Task objective →
No pictures in the copy, please: retype all the records exactly.

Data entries
-.-.-
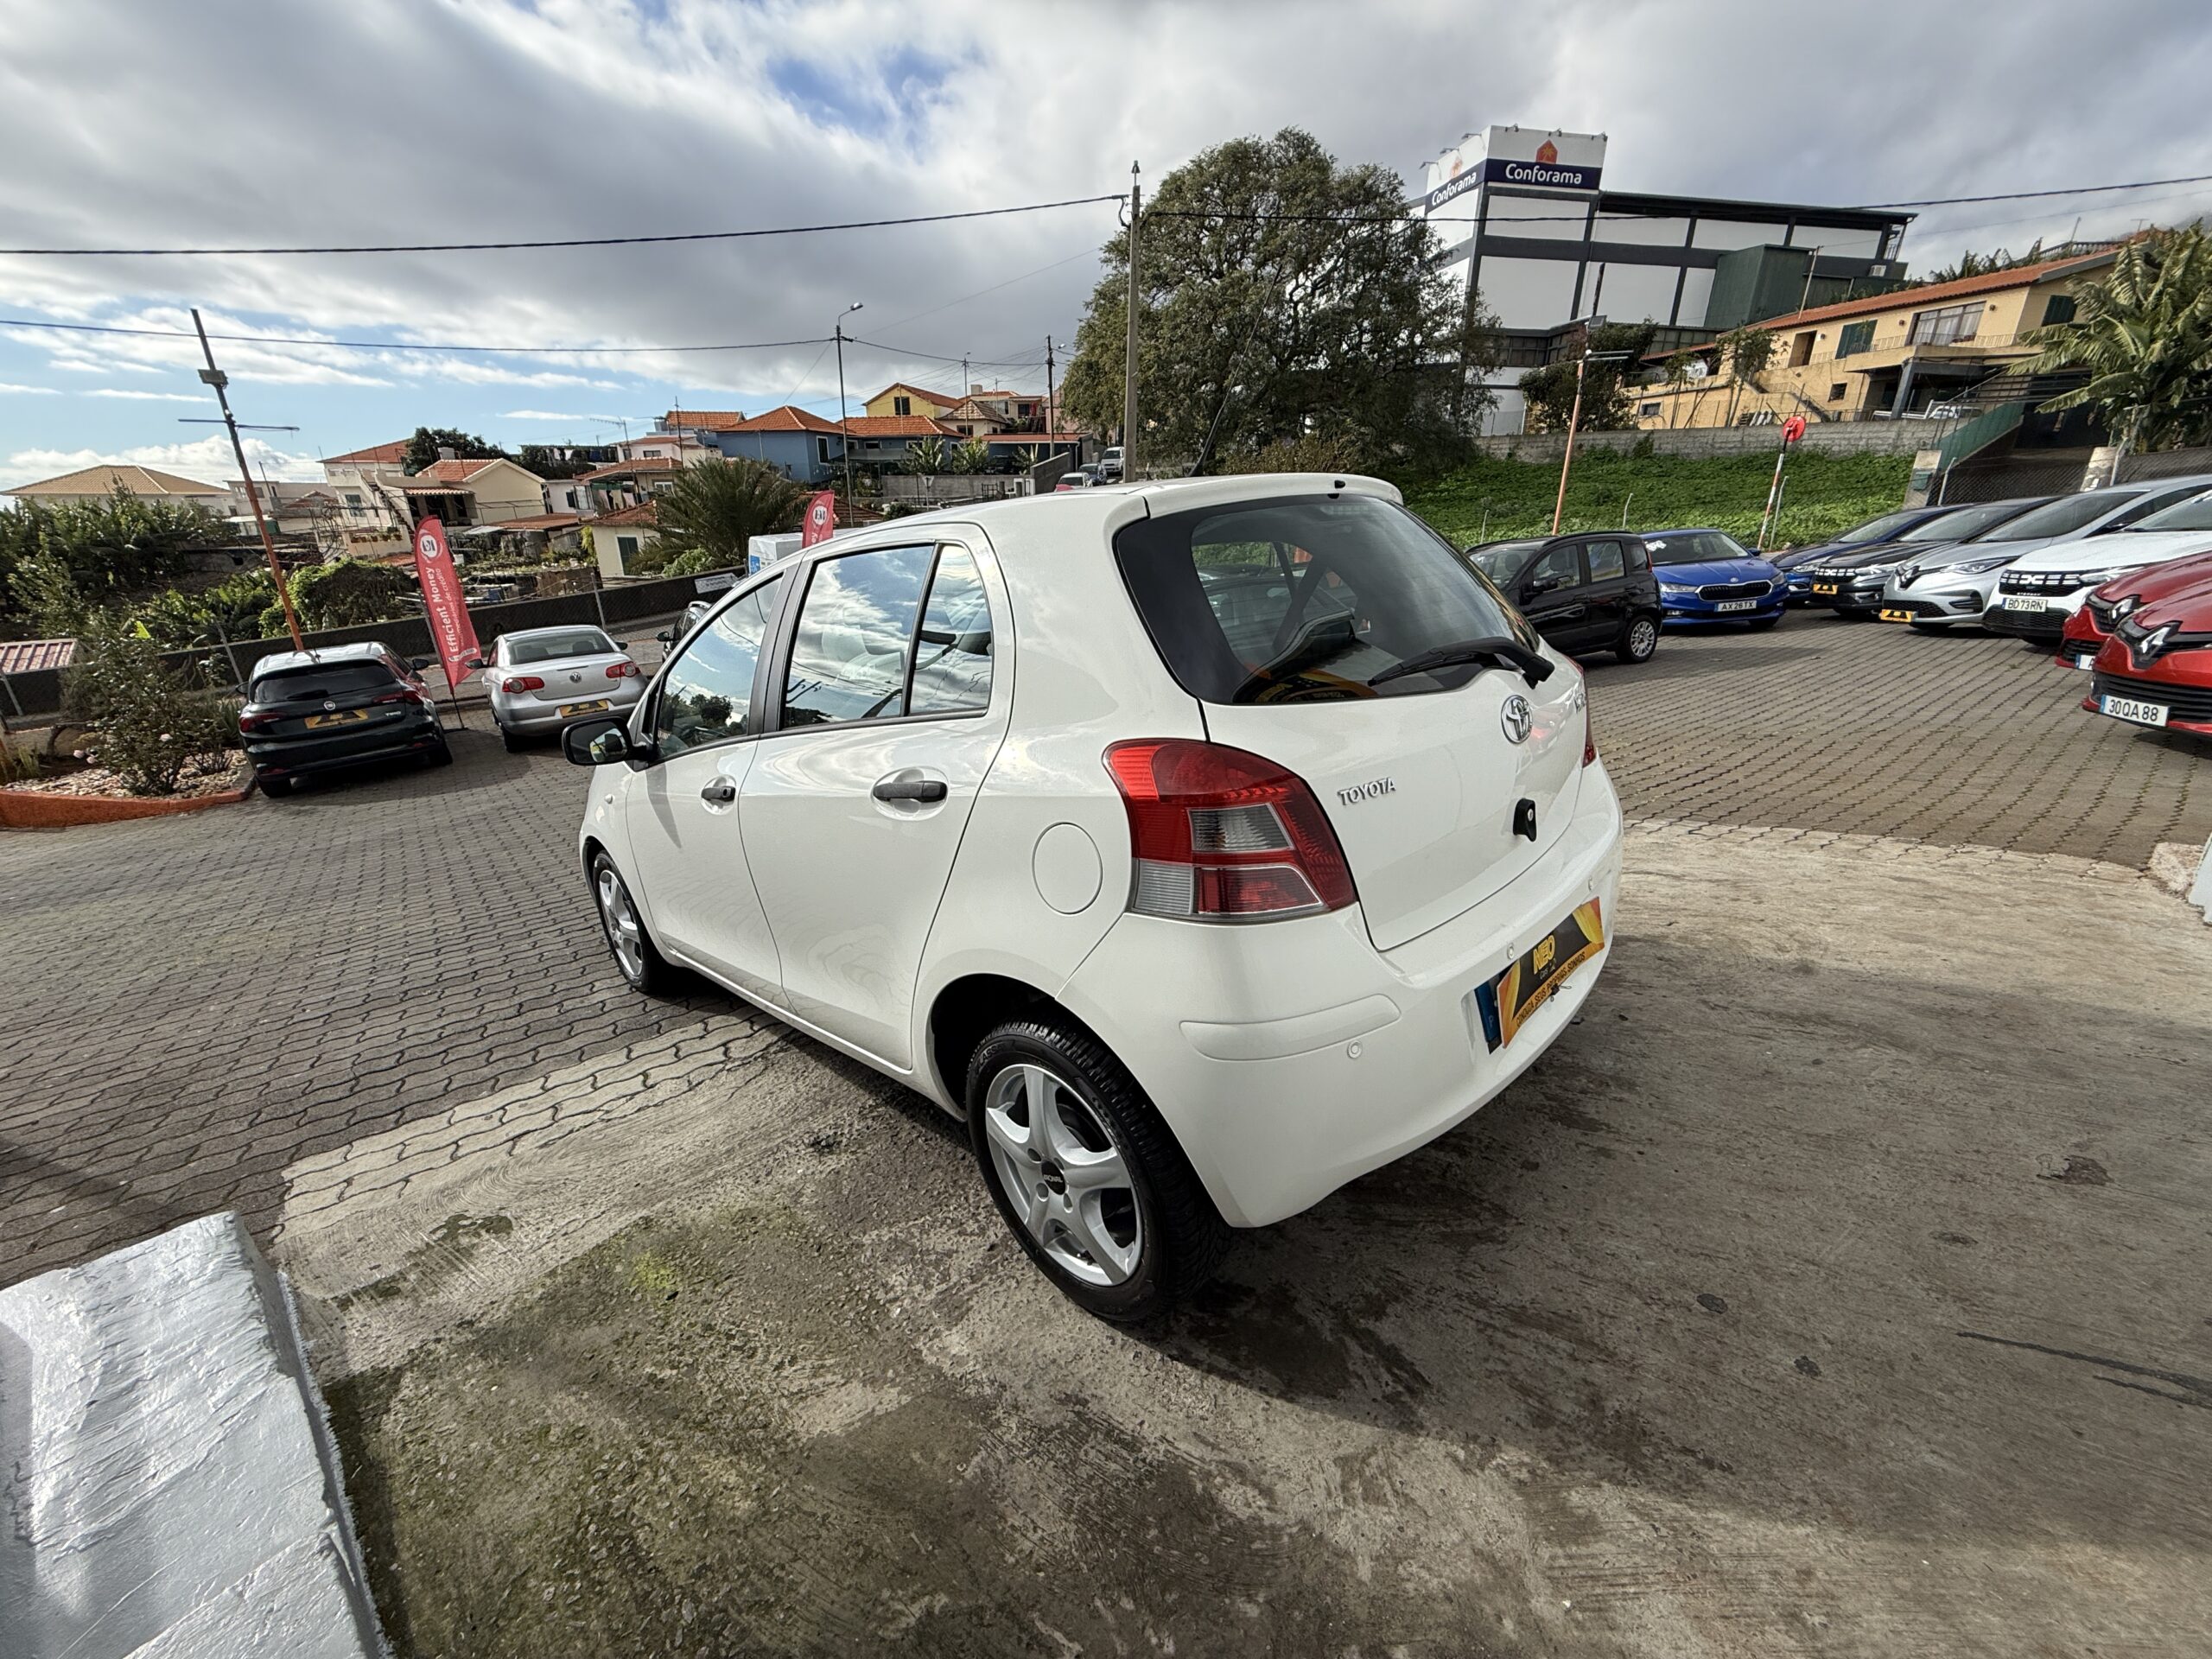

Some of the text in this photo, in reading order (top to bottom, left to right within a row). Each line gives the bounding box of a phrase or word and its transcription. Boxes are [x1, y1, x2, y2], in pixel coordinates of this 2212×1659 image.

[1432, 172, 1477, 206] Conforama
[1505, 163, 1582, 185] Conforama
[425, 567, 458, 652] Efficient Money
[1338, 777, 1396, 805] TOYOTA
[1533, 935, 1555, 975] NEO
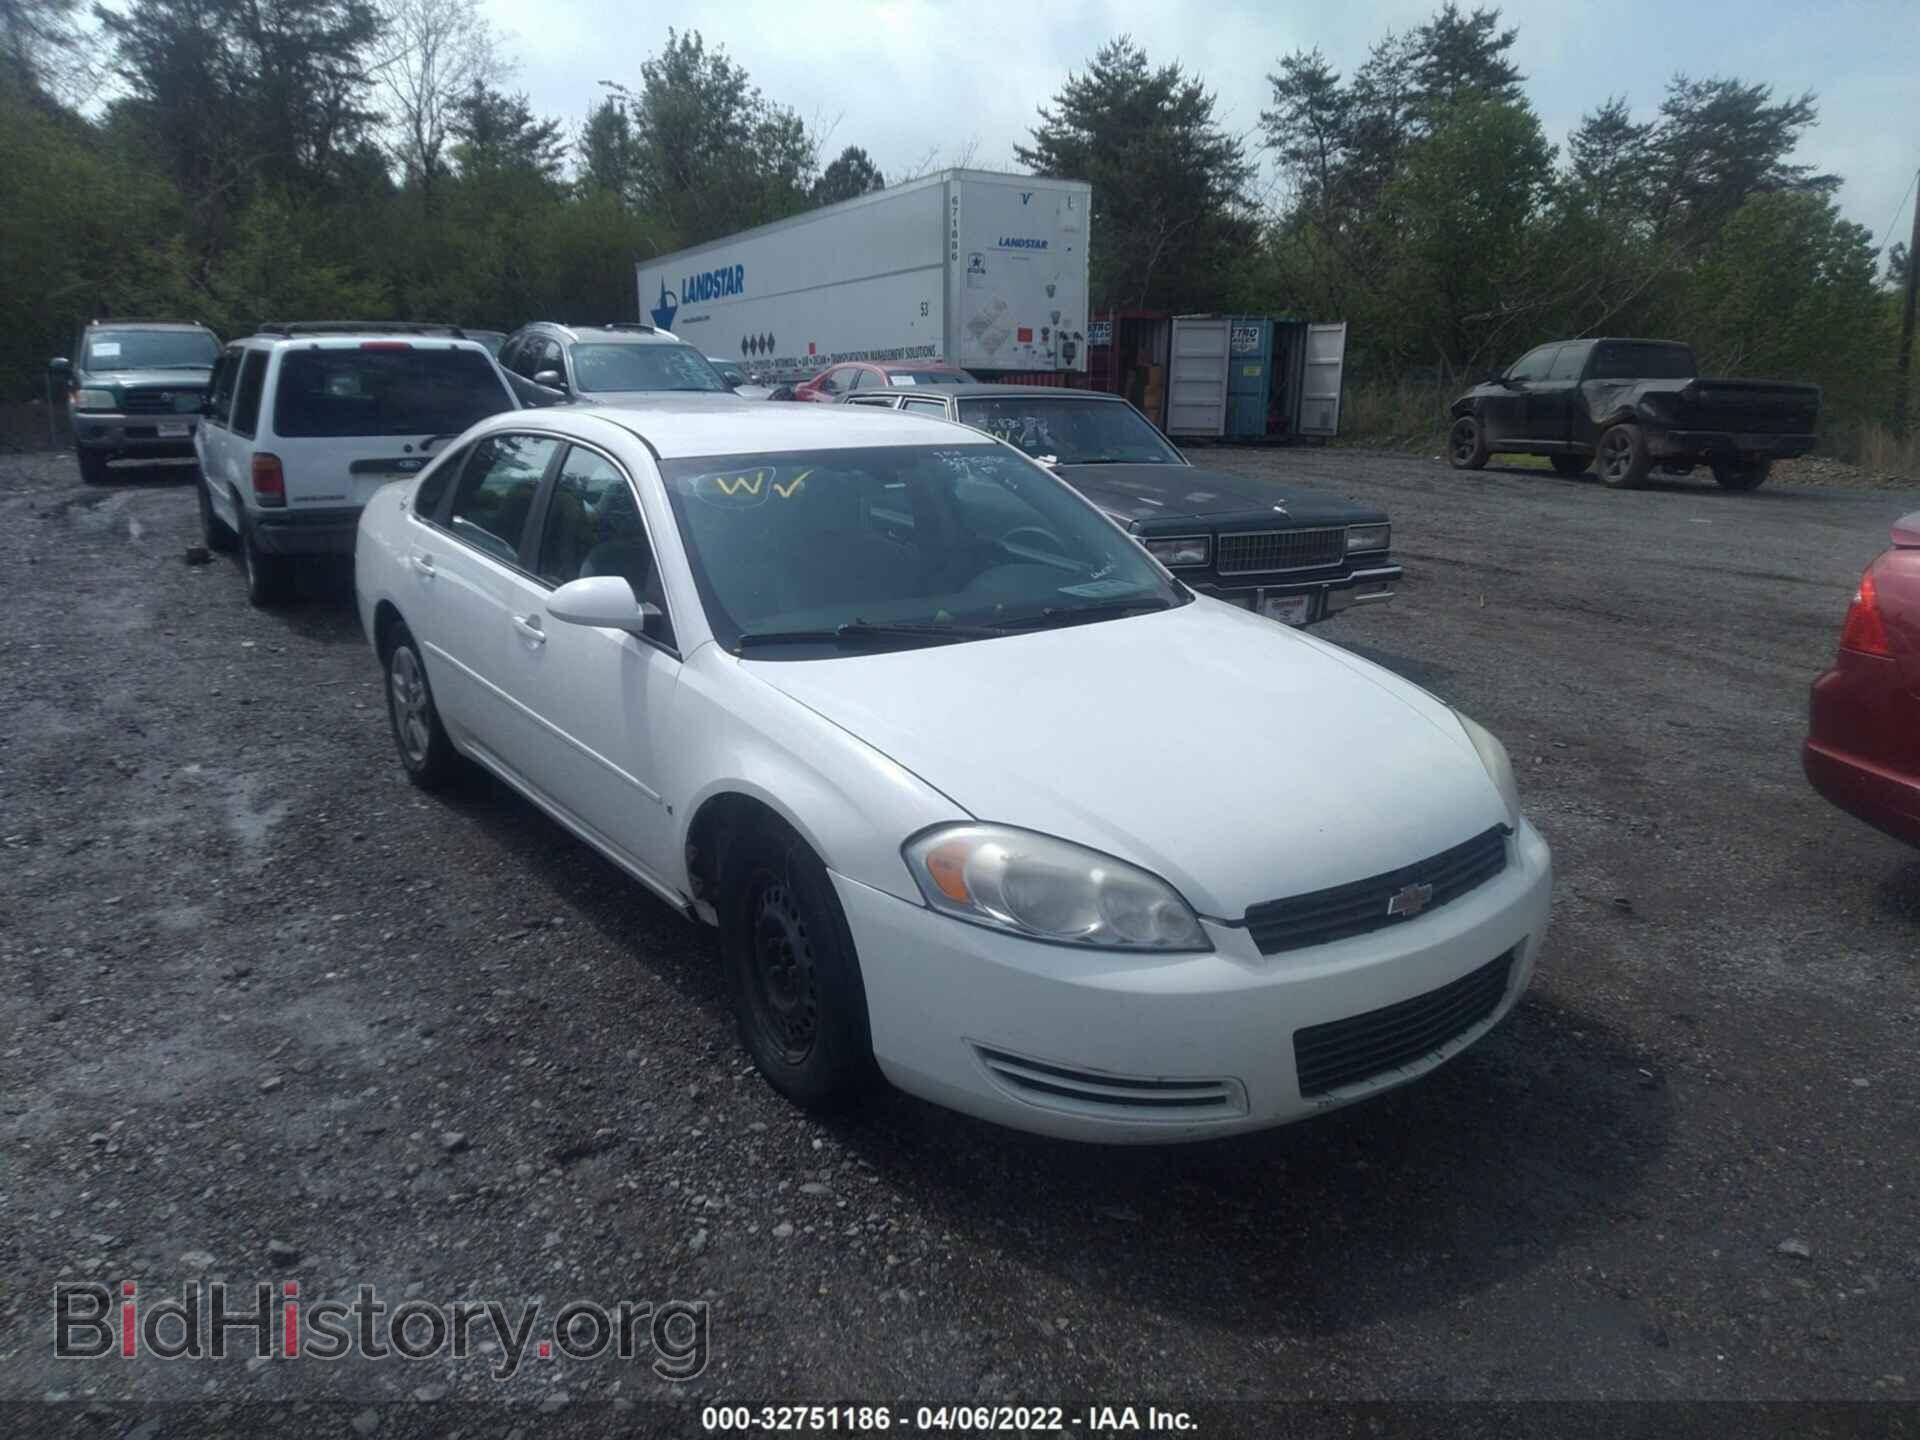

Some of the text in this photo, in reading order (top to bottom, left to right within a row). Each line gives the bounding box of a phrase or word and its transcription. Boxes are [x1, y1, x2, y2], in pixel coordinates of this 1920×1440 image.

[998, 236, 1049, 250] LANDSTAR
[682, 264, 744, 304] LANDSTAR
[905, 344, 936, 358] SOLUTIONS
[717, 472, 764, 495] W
-.-.-
Completed exercise →
Some of the text in this photo, in reading order (top to bottom, left to right within a row). Each line gives the bounding box of a phrase or word and its transcription. Boxes are [x1, y1, x2, y2], in pixel coordinates of this 2212×1659 image.

[1432, 172, 1477, 206] Conforama
[1505, 163, 1582, 185] Conforama
[425, 567, 458, 652] Efficient Money
[1338, 777, 1396, 805] TOYOTA
[1533, 935, 1555, 975] NEO

Some of the text in this photo, in reading order (top to bottom, left to right within a row). Each line gives the bounding box of a phrase or word and its transcription. Boxes are [x1, y1, x2, y2], in pixel coordinates of this 1920×1440 image.

[998, 236, 1049, 250] LANDSTAR
[682, 264, 744, 304] LANDSTAR
[905, 344, 936, 358] SOLUTIONS
[717, 472, 764, 495] W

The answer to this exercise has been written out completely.